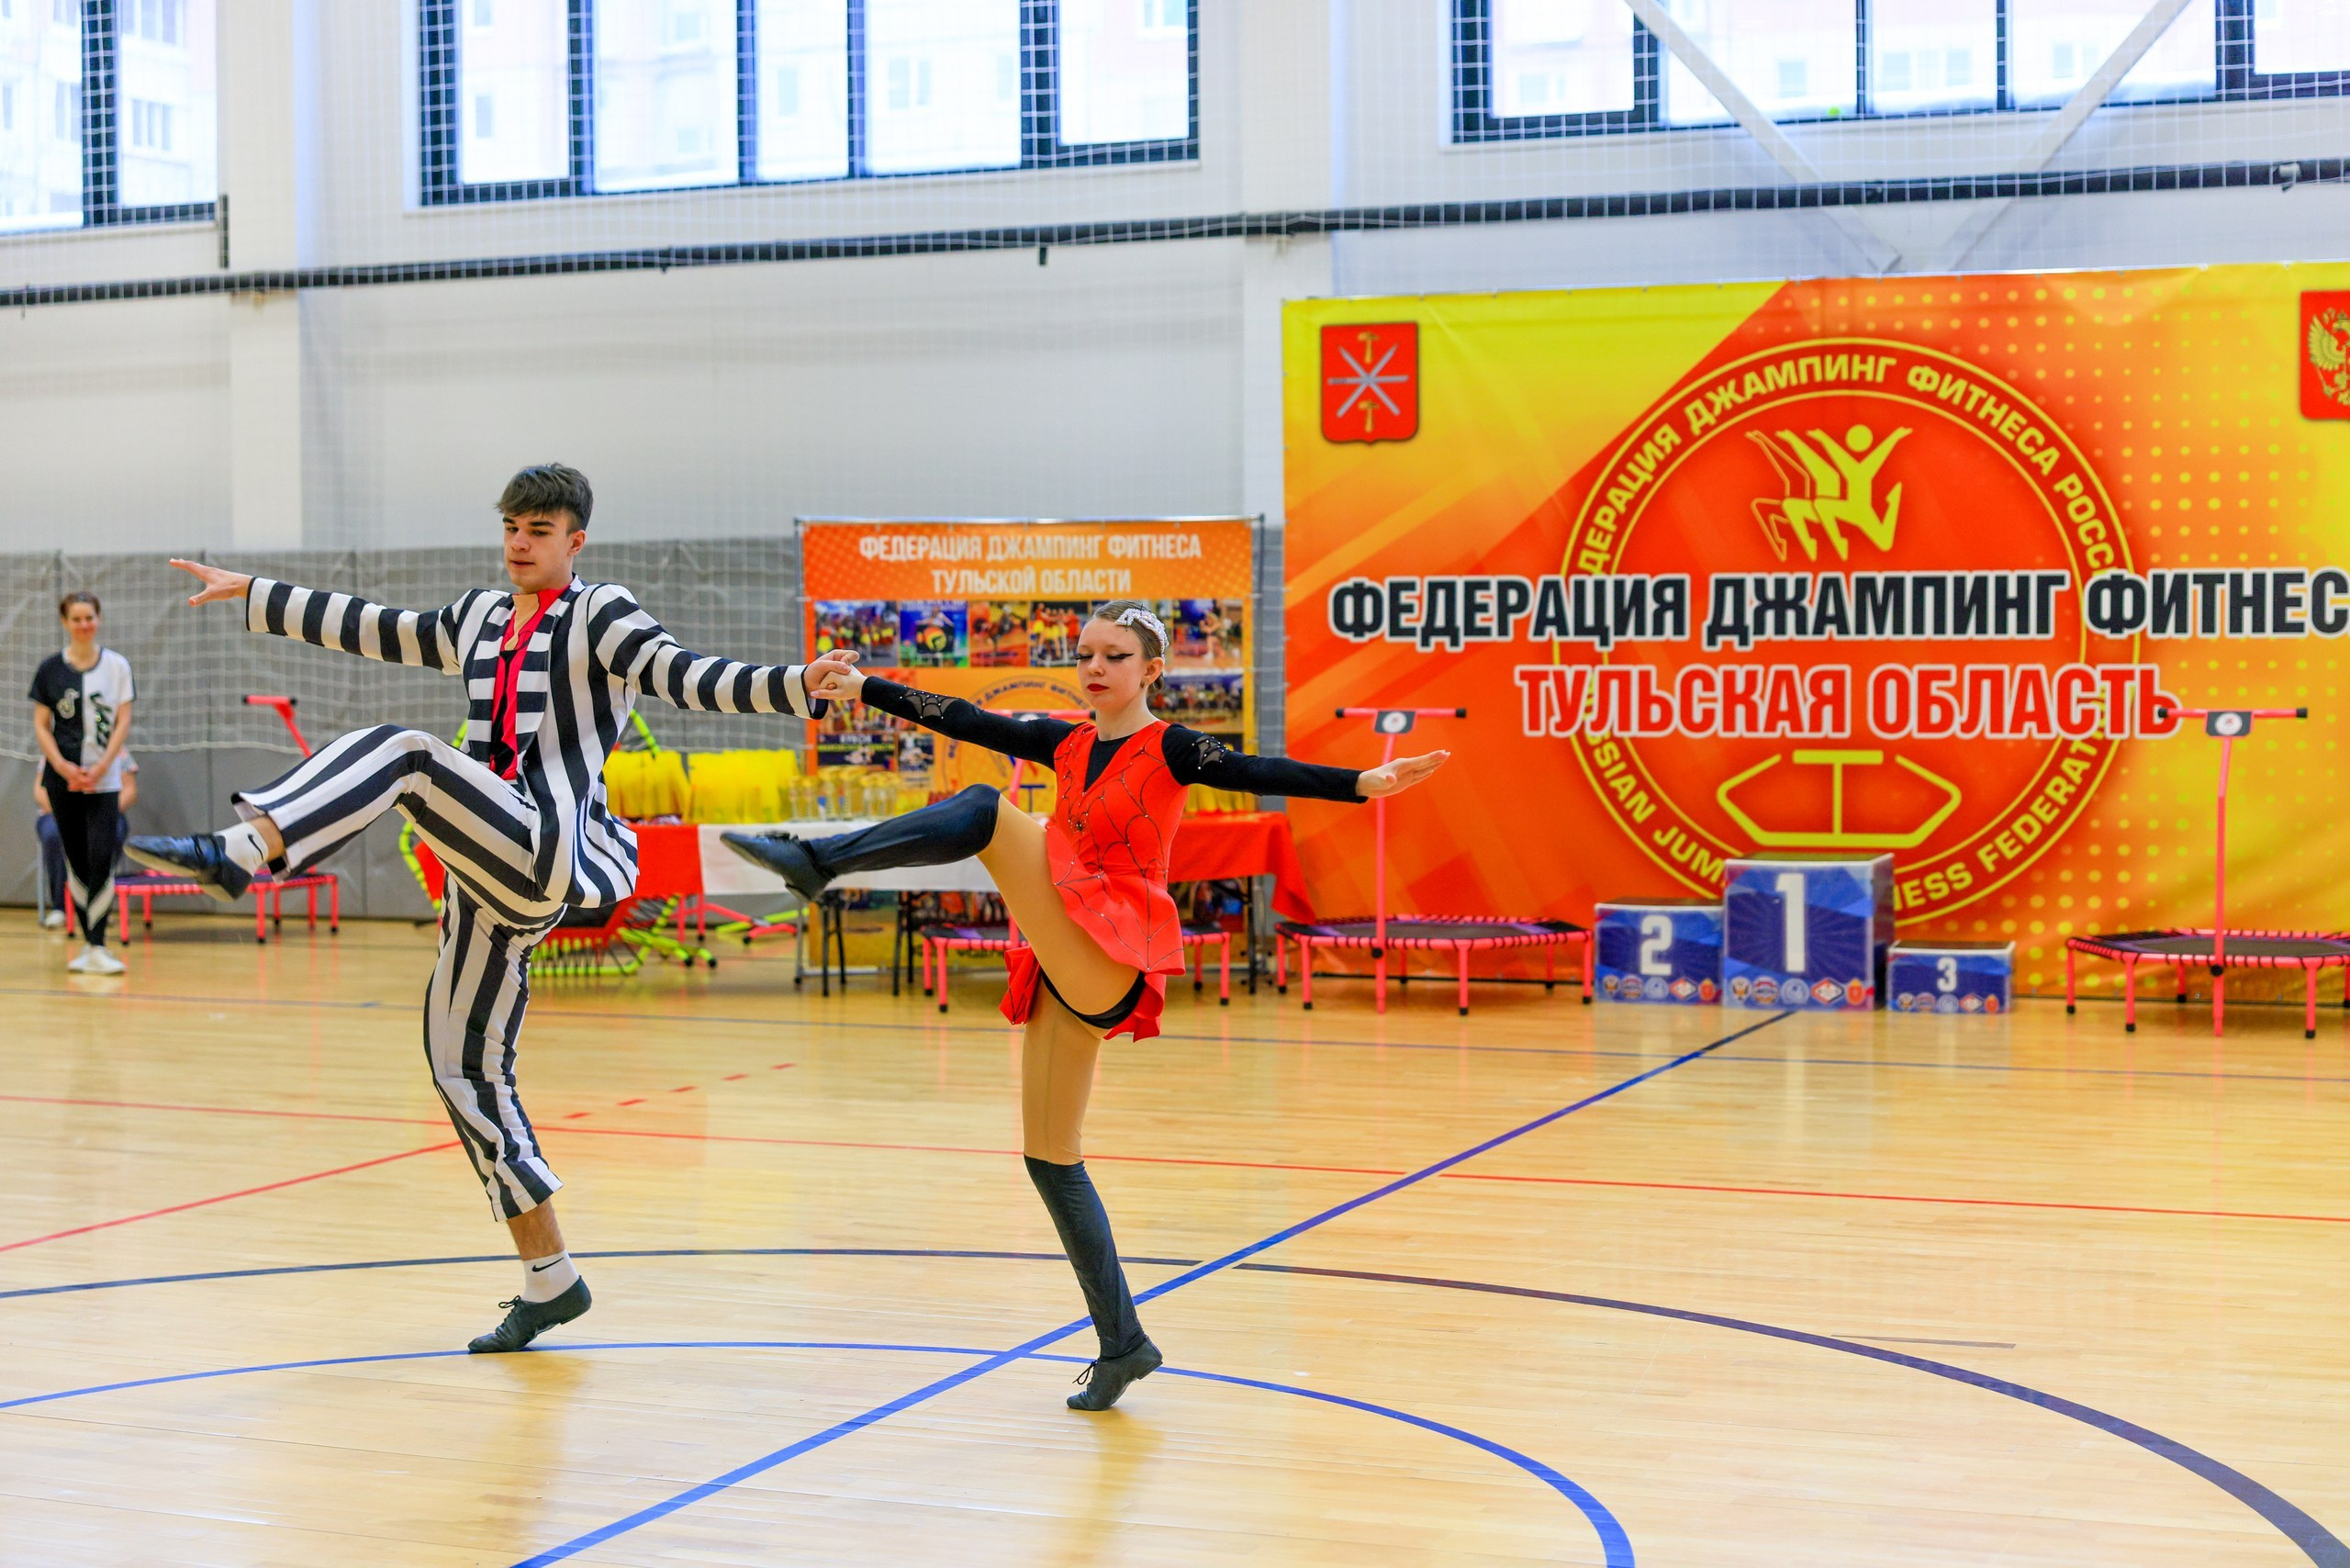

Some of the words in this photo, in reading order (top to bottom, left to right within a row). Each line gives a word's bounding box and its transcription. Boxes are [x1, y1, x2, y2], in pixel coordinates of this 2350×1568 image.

[1577, 422, 1683, 576] ДЕРАЦИЯ
[1685, 353, 1897, 437] ДЖАМПИНГ
[1907, 364, 2062, 476] ФИТНЕСА
[2053, 472, 2117, 576] РОСС
[859, 533, 982, 563] ФЕДЕРАЦИЯ
[987, 533, 1102, 563] ДЖАМПИНГ
[1107, 532, 1202, 561] ФИТНЕСА
[932, 567, 1036, 596] ТУЛЬСКОЙ
[1040, 566, 1132, 595] ОБЛАСТИ
[1330, 574, 1689, 651] ФЕДЕРАЦИЯ
[1704, 570, 2070, 651] ДЖАМПИНГ
[2086, 566, 2350, 640] ФИТНЕС
[1515, 665, 1852, 739] ТУЛЬСКАЯ
[1867, 663, 2182, 740] ОБЛАСТЬ
[1653, 825, 1725, 889] JUM
[1975, 684, 2107, 874] FEDERAT
[1639, 915, 1673, 976] 2
[1775, 873, 1806, 973] 1
[1937, 958, 1957, 992] 3

---*---

**Work to complete**
Make a word-for-word repeat of the material, skipping all pictures.

**Solution for this problem**
Some of the words in this photo, in reading order (top to bottom, left to right within a row). Each line gives a word's bounding box and its transcription. Boxes are [x1, y1, x2, y2], in pixel coordinates of this 2350×1568 image.

[1577, 422, 1683, 576] ДЕРАЦИЯ
[1685, 353, 1897, 437] ДЖАМПИНГ
[1907, 364, 2062, 476] ФИТНЕСА
[2053, 472, 2117, 576] РОСС
[859, 533, 982, 563] ФЕДЕРАЦИЯ
[987, 533, 1102, 563] ДЖАМПИНГ
[1107, 532, 1202, 561] ФИТНЕСА
[932, 567, 1036, 596] ТУЛЬСКОЙ
[1040, 566, 1132, 595] ОБЛАСТИ
[1330, 574, 1689, 651] ФЕДЕРАЦИЯ
[1704, 570, 2070, 651] ДЖАМПИНГ
[2086, 566, 2350, 640] ФИТНЕС
[1515, 665, 1852, 739] ТУЛЬСКАЯ
[1867, 663, 2182, 740] ОБЛАСТЬ
[1653, 825, 1725, 889] JUM
[1975, 684, 2107, 874] FEDERAT
[1639, 915, 1673, 976] 2
[1775, 873, 1806, 973] 1
[1937, 958, 1957, 992] 3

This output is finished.